Editor's note: This story was originally published in April, 2018. It has been edited to reflect current ages and records. Dustin Poirier fights Khabib Nurmagomedov for the UFC lightweight title at UFC 242 on Saturday, September 7 (2 p.m. ET on PPV).

Dustin Poirier ships the fight kits himself. Another personal touch that makes the rising UFC star's charitable efforts so unique.

Poirier has been auctioning off his fight-worn gloves and clothes for the past few years to raise money for various causes in his hometown of Lafayette, Louisiana.

And the winning bidders ... well, they'd better not be expecting any sanitized versions to show up on their doorstep.

"This last one was a bloodbath, too," Poirier said of his Nov. 11, 2017 win over Anthony Pettis, the pride evident in his voice. "I'm sure the flies were following the mail truck all the way to the delivery."

The idea started -- fittingly -- as Poirier and his wife, Jolie, were packing up to move back to Lafayette, where they both grew up and first met at Acadian Middle School.

The 30-year-old lightweight contender had a room filled with a decade's worth of fight memorabilia -- one plastic drawer after another, packed with bloody gloves, shirts and shorts from nearly 30 professional fights.

"We didn't realize how much was accumulating until it was time to move," Poirier said.

Then the idea struck them: "Man, people would pay money for this, actually. And why not use the money to help somebody out?"

The idea has grown into the recent launching of their new charity, the Good Fight Foundation. Poirier said he wanted to give people a chance to contribute even if they couldn't afford the fight kits or didn't want a pair of bloody gloves hanging in the man cave.

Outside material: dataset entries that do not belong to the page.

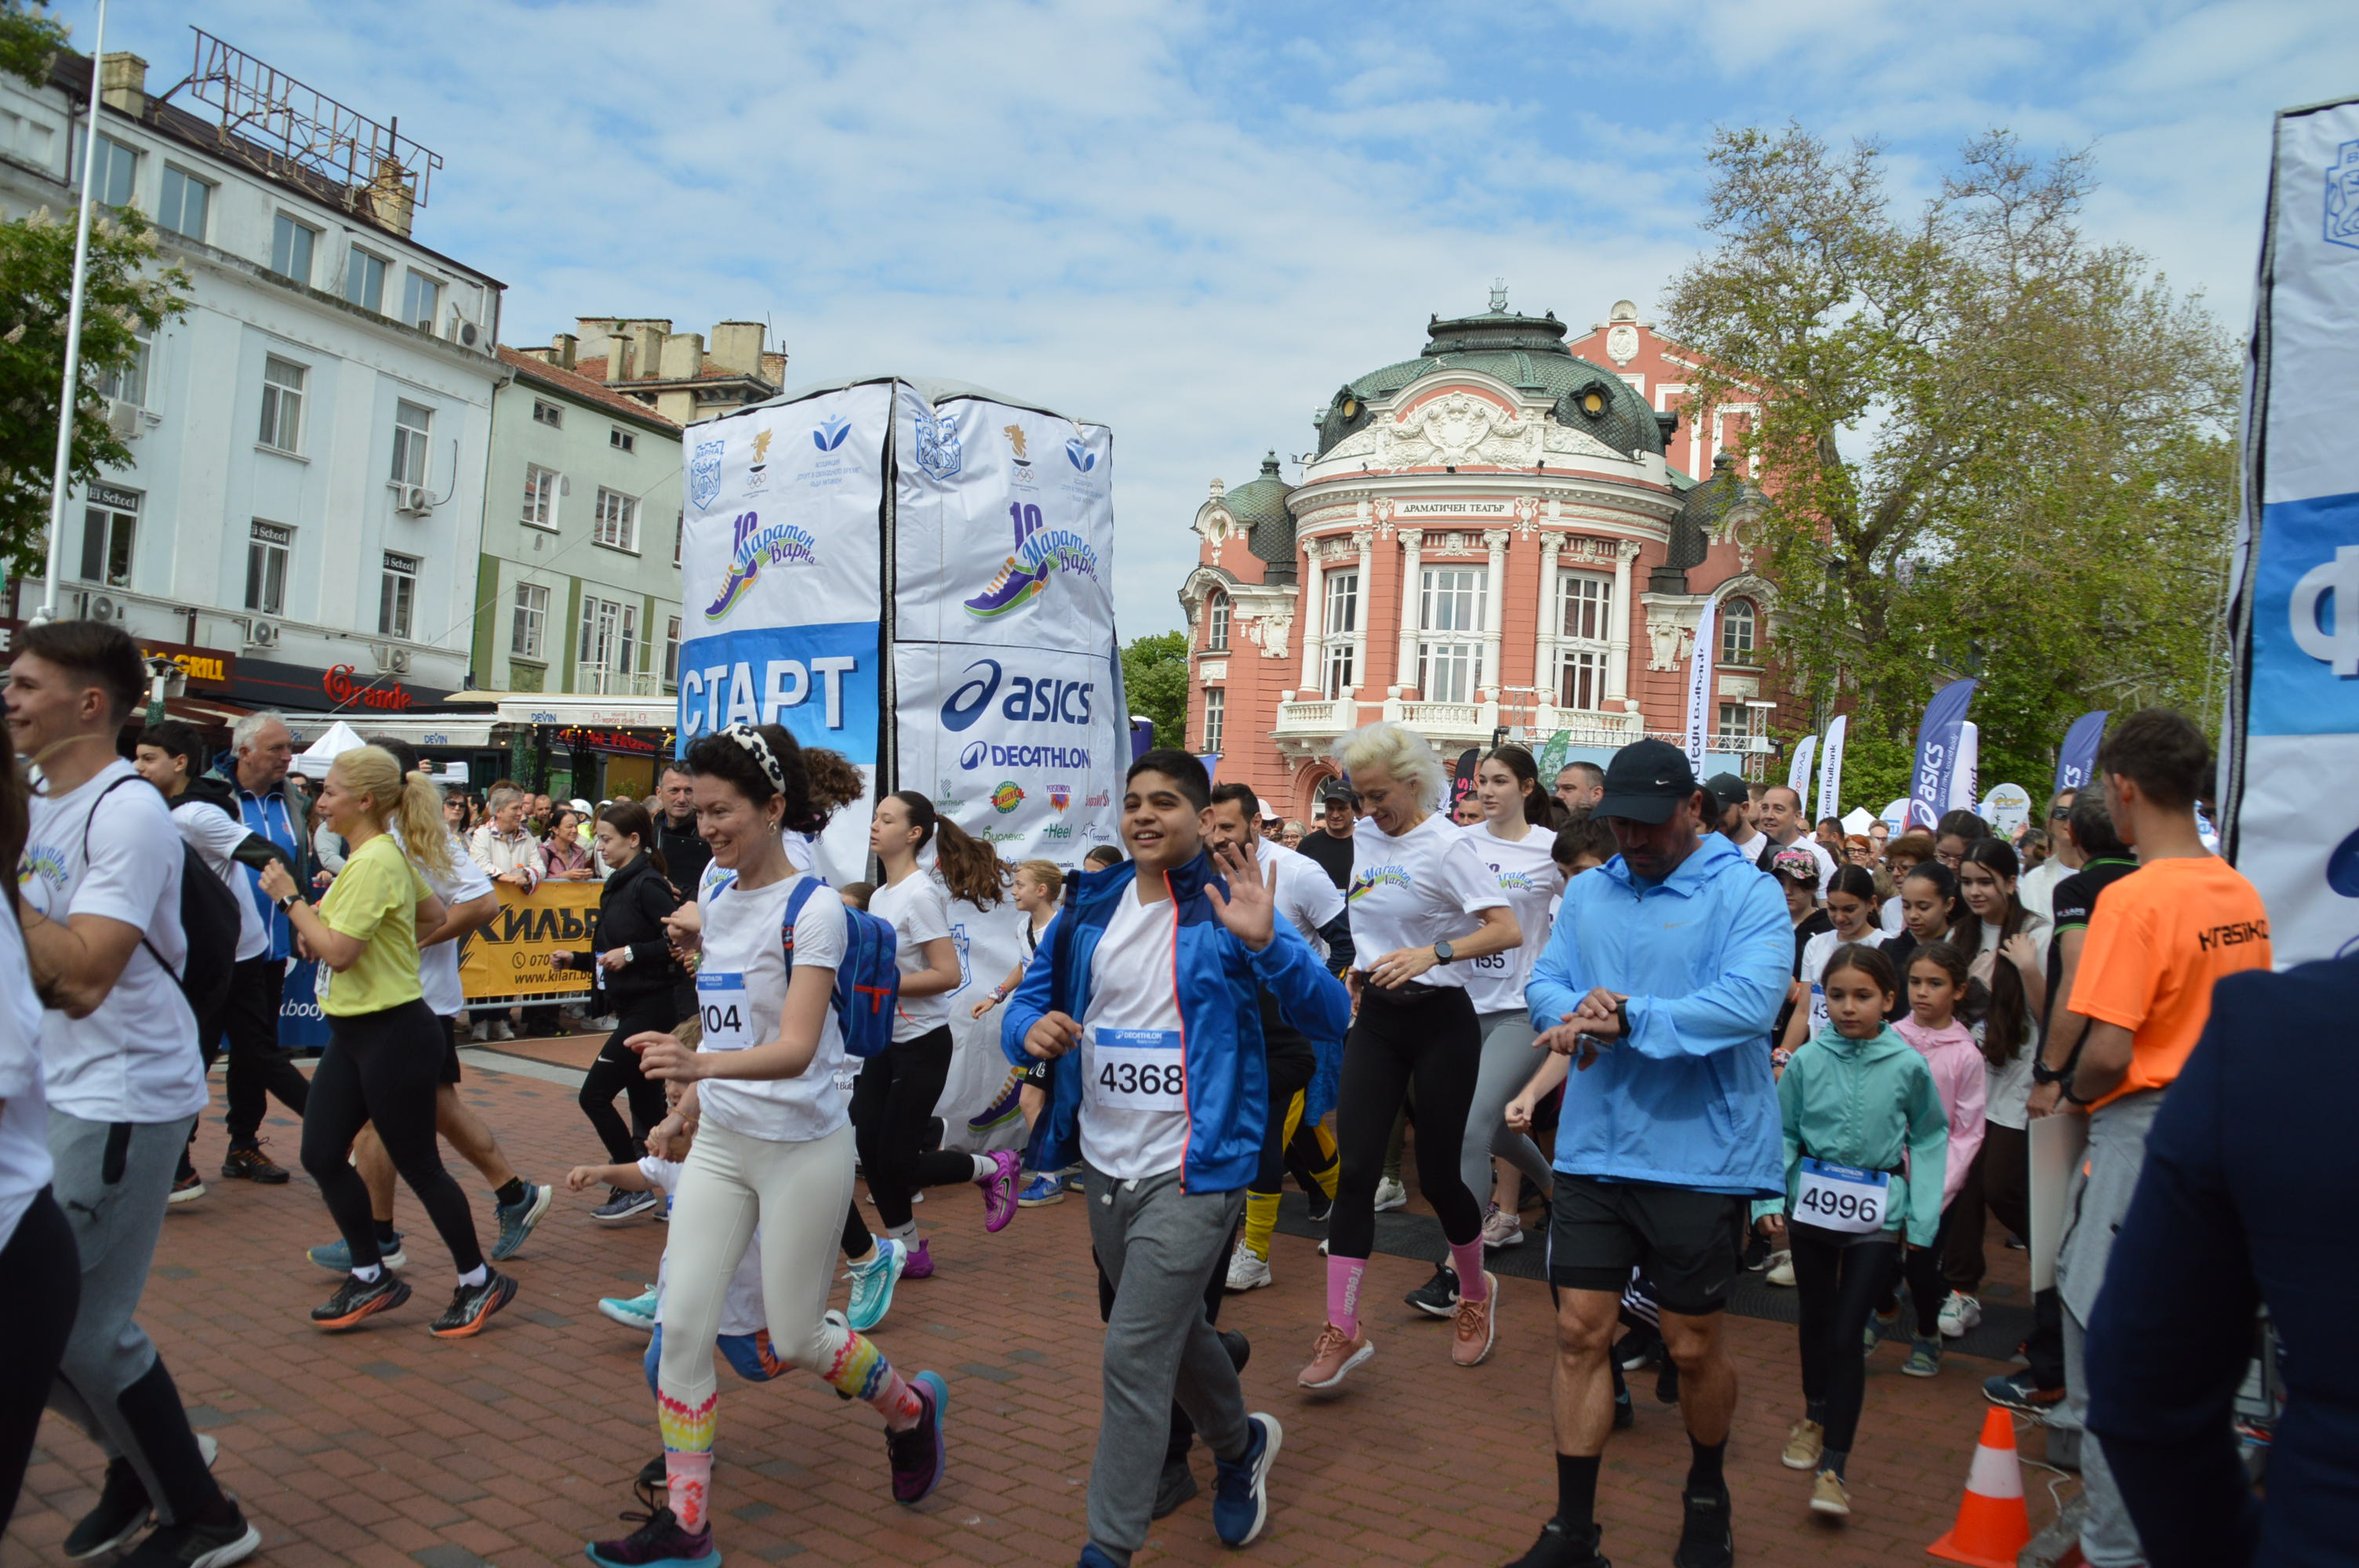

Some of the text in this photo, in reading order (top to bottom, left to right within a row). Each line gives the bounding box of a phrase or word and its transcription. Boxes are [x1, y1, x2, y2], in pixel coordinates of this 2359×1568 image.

[695, 448, 720, 458] ВАРНА
[89, 488, 136, 508] Hi School
[1403, 503, 1505, 513] ДРАМАТИЧЕН ТЕАТЪР
[259, 526, 288, 543] School
[737, 524, 816, 568] Маратон
[768, 541, 816, 564] Варна
[1022, 530, 1098, 572] Маратон
[391, 557, 415, 572] School
[1056, 547, 1098, 582] Варна
[174, 654, 225, 681] GRILL
[323, 664, 413, 710] Grande
[682, 656, 857, 737] СТАРТ
[1002, 677, 1094, 724] asics
[531, 712, 557, 723] DEVIN
[424, 733, 448, 744] DEVIN
[991, 745, 1092, 768] DECATHLON
[1826, 744, 1837, 787] Bulbank
[1945, 750, 1954, 769] sound
[1918, 741, 1944, 802] asics
[1362, 865, 1412, 881] Marathon
[1384, 874, 1410, 891] Varna
[701, 1004, 742, 1033] 104
[1100, 1062, 1183, 1095] 4368
[1802, 1187, 1878, 1223] 4996

He also wants the attention to be on the cause more than just on his name. But the foundation will still be as personal as it gets. Jolie will be doing all the books, and Poirier said they'll be "completely transparent," showing that every dollar goes directly to the causes they benefit.

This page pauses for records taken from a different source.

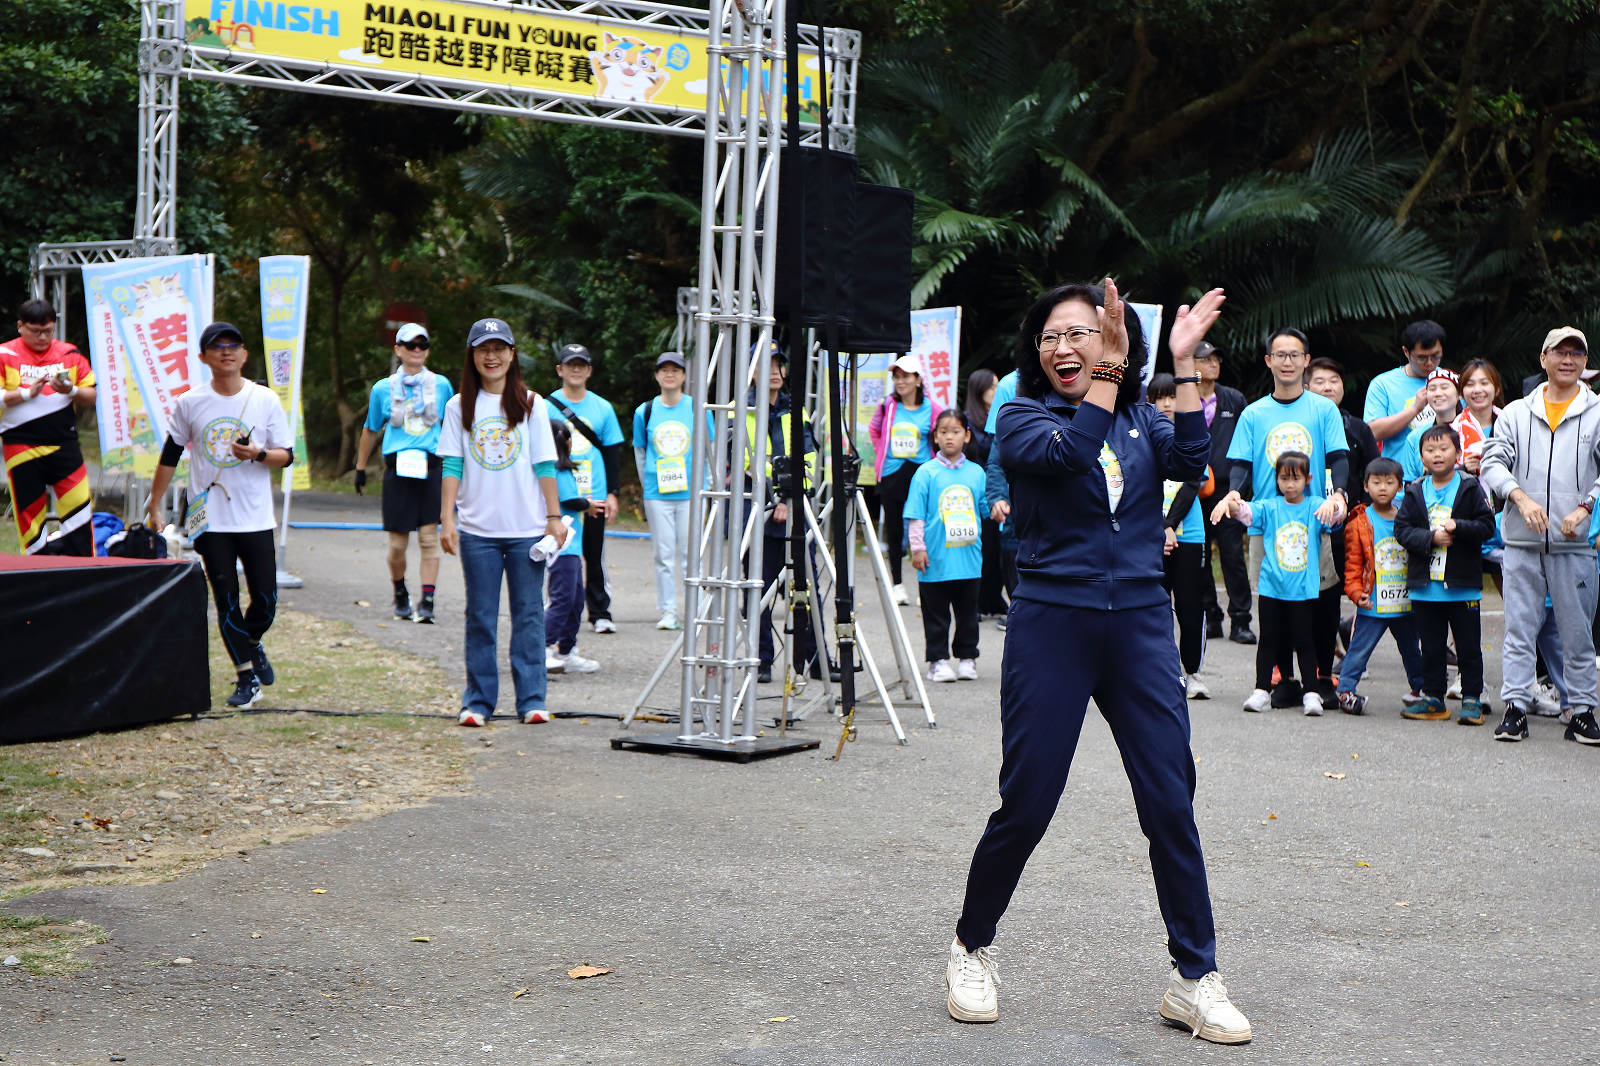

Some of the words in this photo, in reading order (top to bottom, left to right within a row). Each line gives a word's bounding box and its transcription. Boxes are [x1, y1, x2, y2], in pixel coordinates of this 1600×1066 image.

[210, 0, 340, 37] FINISH
[365, 3, 455, 32] MIAOLI
[464, 17, 510, 40] FUN
[518, 24, 598, 51] YOUNG
[363, 26, 594, 85] 跑酷越野障礙賽
[949, 528, 974, 537] 0318
[1381, 588, 1409, 600] 0572

Those causes are personal, too. Poirier, who was raised mostly by his mother and grandmother, said he grew up on the "rougher side" of Lafayette. He said they moved around a lot, and there were times they were on "food stamps and stuff like that." But he saw others around him in even greater need.

"And I've seen it every day," Poirier said. "There's a lot of homeless people. And I mean, everybody could use help. But I just grew up around it, and I just wanted to give back to my local area."

The Poirier's first donation went to the Second Harvest Food Bank, where they raised enough money to provide about 3,000 meals for families in need. Their second donation went to the family of a Lafayette police officer, Cpl. Michael Middlebrook, who was shot and killed in the line of duty. This next donation will go to the Acadiana Outreach Center to help women and children experiencing homelessness and poverty.

"He wanted to personally come and deliver the check to us -- so that was, like, big," said Middlebrook's widow, Adrien, who has three daughters and said she didn't know Poirier personally beforehand. "So when I heard about it, I was like, 'Wow, that's so awesome,' because we had been through a lot. It just goes to show that he's alert and aware of what's going on in the community.

"With him, it's coming from the heart. He wants to be there and do it. I was surprised when he showed up at the house and wanted to come in and meet the whole family."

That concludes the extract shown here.